§ EXERCISE REQUIREMENTS: Beginning with the line that contains "this 1200×1600 image.", transcribe every line through the end of the entries exactly as written, and reproduce nothing else.

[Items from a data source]
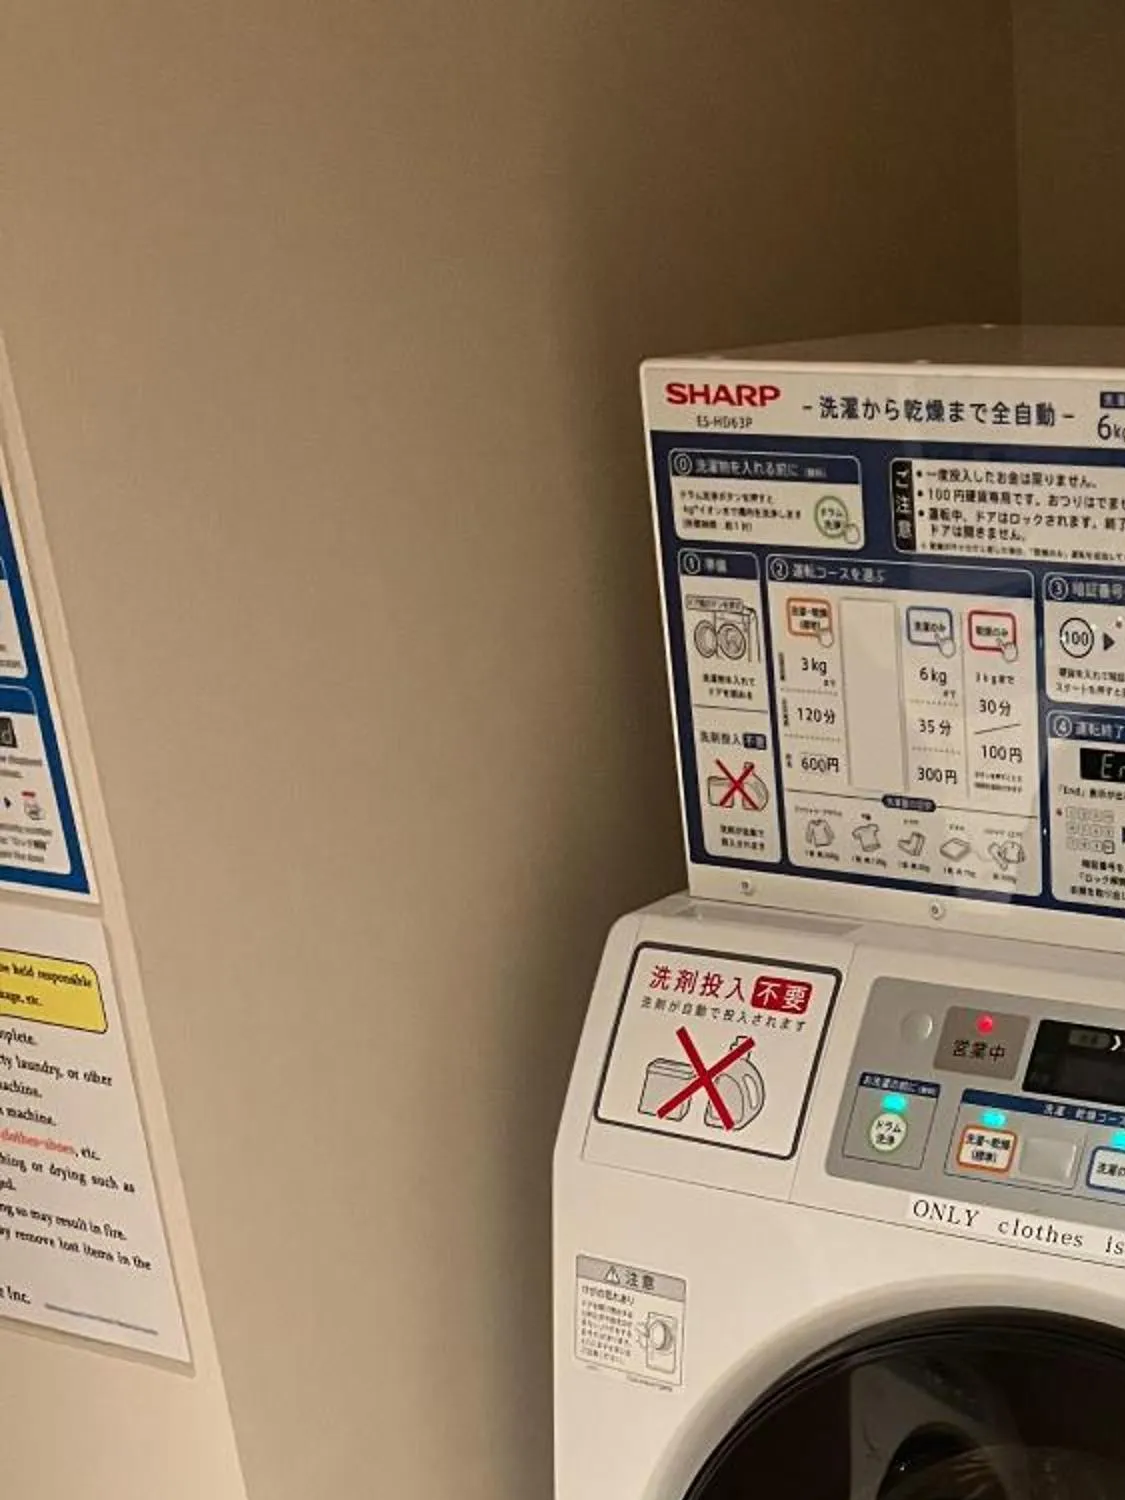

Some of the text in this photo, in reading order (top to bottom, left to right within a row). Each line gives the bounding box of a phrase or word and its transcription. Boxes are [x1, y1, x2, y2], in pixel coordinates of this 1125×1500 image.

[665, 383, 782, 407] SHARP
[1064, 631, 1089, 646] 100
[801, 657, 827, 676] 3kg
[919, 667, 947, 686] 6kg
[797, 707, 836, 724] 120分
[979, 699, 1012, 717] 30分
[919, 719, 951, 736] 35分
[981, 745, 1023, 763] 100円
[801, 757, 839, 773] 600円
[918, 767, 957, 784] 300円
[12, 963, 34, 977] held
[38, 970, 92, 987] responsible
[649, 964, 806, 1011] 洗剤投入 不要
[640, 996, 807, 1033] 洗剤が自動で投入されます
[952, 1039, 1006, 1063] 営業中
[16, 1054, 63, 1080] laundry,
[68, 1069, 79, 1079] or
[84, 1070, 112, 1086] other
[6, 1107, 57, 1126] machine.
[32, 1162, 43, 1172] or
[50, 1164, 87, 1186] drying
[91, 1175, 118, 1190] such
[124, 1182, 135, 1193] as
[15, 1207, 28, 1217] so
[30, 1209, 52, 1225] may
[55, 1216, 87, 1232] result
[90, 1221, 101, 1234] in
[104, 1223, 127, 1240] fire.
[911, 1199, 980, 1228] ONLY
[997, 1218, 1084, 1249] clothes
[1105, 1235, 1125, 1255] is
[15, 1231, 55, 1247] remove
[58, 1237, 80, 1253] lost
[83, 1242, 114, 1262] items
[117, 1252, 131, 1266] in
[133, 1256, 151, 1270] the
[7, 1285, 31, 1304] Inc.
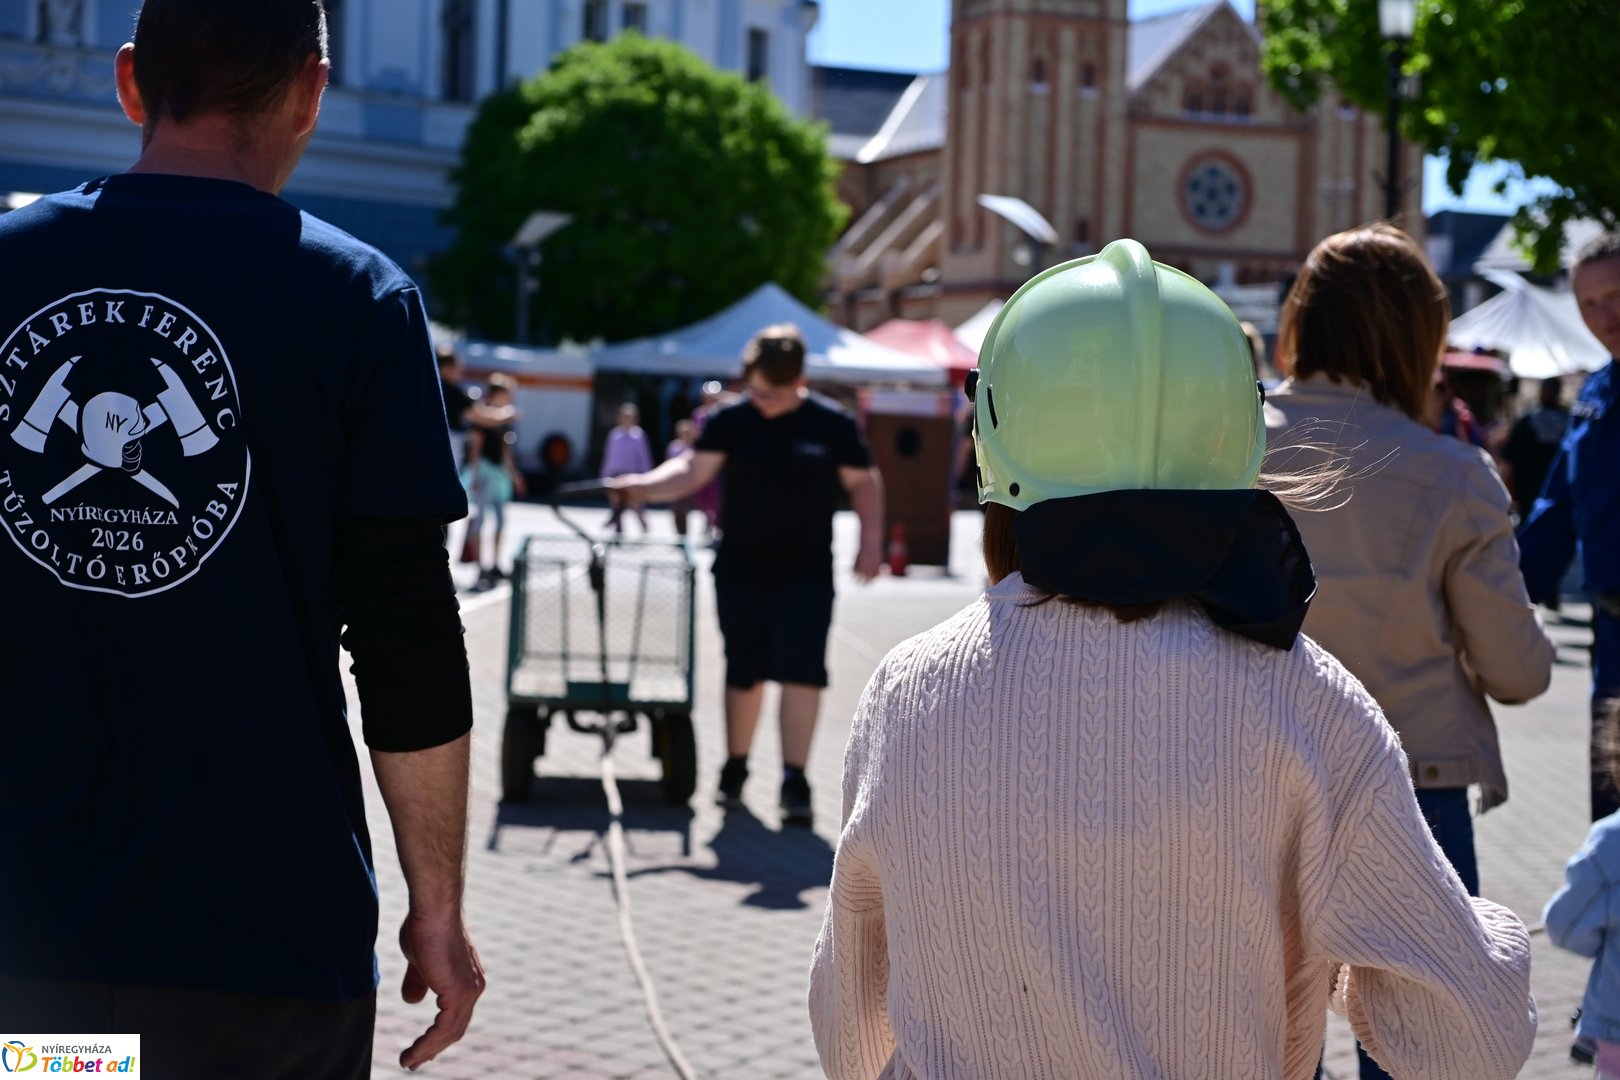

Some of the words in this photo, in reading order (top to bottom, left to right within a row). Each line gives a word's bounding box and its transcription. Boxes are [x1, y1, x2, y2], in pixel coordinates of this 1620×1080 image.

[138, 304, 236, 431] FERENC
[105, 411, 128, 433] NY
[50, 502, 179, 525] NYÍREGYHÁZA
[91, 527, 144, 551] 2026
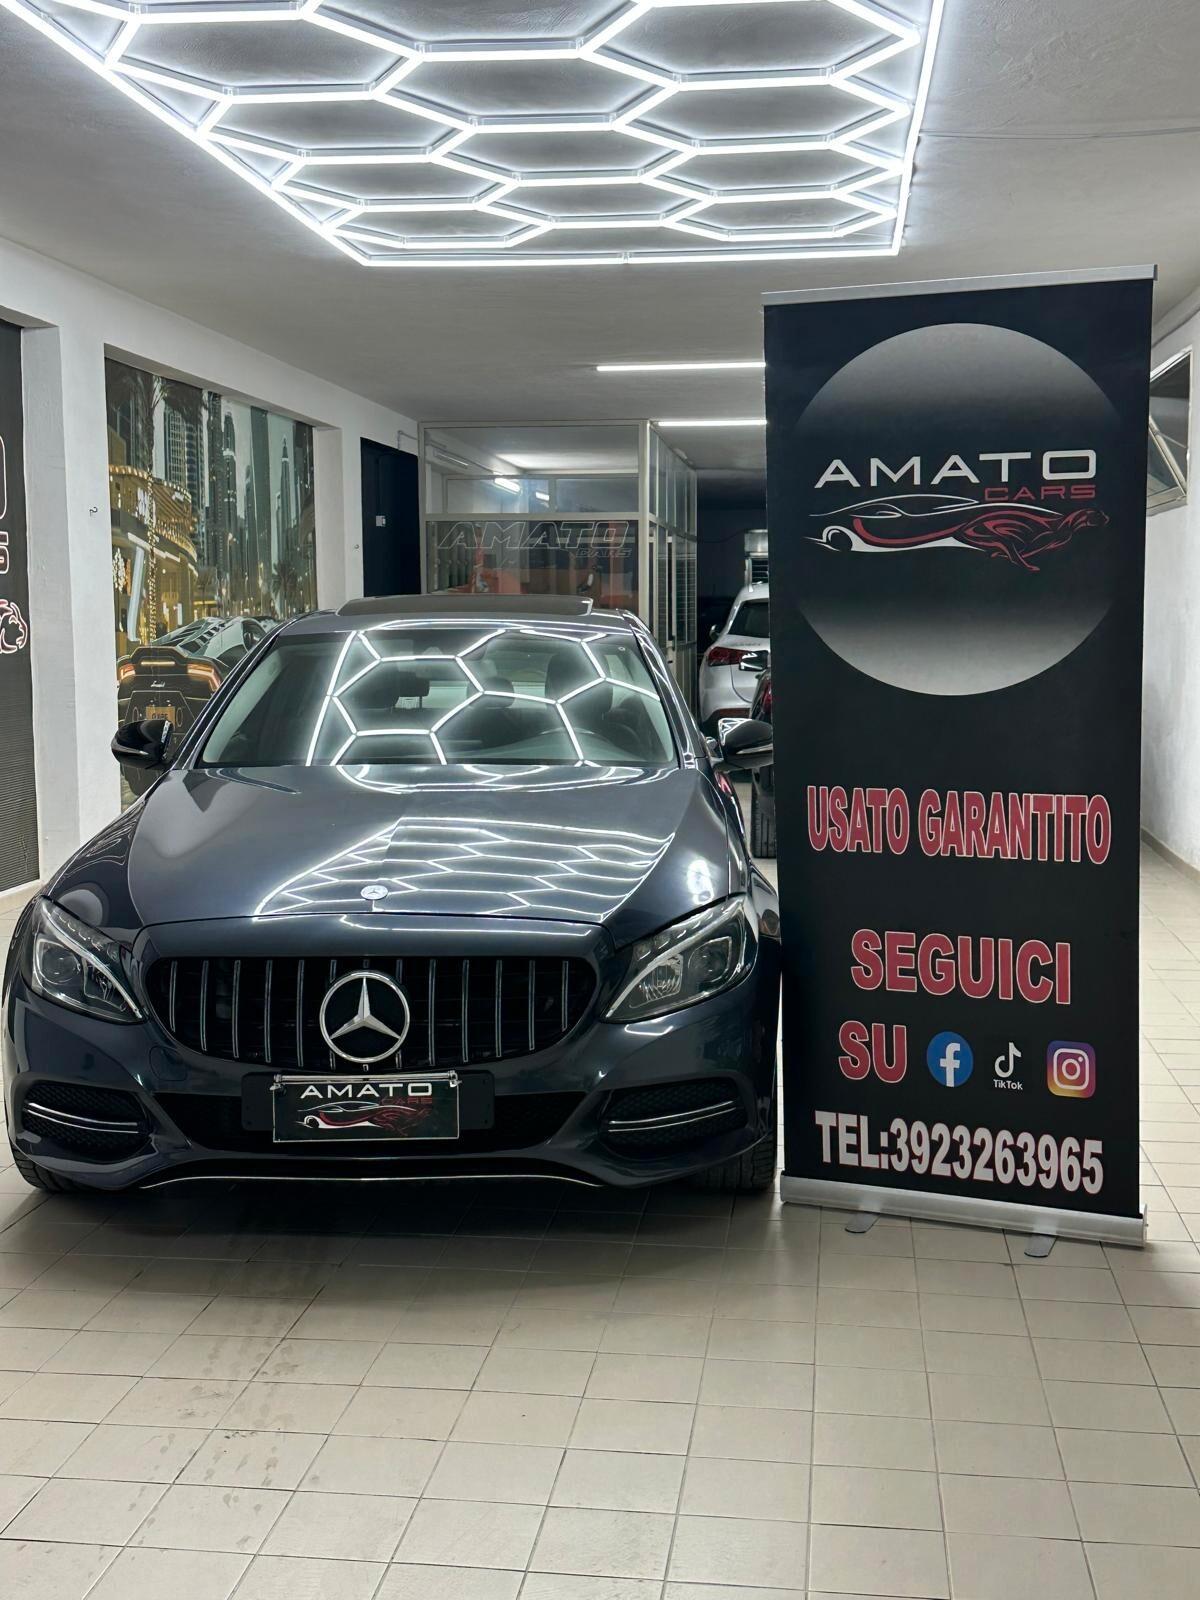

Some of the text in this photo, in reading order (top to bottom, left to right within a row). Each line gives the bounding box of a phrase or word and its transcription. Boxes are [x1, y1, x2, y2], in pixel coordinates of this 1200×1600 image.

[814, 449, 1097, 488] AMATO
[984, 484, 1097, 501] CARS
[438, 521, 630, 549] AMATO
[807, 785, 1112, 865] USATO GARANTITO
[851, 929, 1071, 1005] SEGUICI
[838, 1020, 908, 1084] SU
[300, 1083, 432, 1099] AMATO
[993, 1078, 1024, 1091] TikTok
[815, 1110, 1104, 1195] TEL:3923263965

§ RESULT:
Some of the text in this photo, in reading order (top to bottom, left to right within a row). Each line gives the bounding box of a phrase or word and its transcription. Boxes are [x1, y1, x2, y2], in pixel coordinates of this 1200×1600 image.

[814, 449, 1097, 488] AMATO
[984, 484, 1097, 501] CARS
[438, 521, 630, 549] AMATO
[807, 785, 1112, 865] USATO GARANTITO
[851, 929, 1071, 1005] SEGUICI
[838, 1020, 908, 1084] SU
[300, 1083, 432, 1099] AMATO
[993, 1078, 1024, 1091] TikTok
[815, 1110, 1104, 1195] TEL:3923263965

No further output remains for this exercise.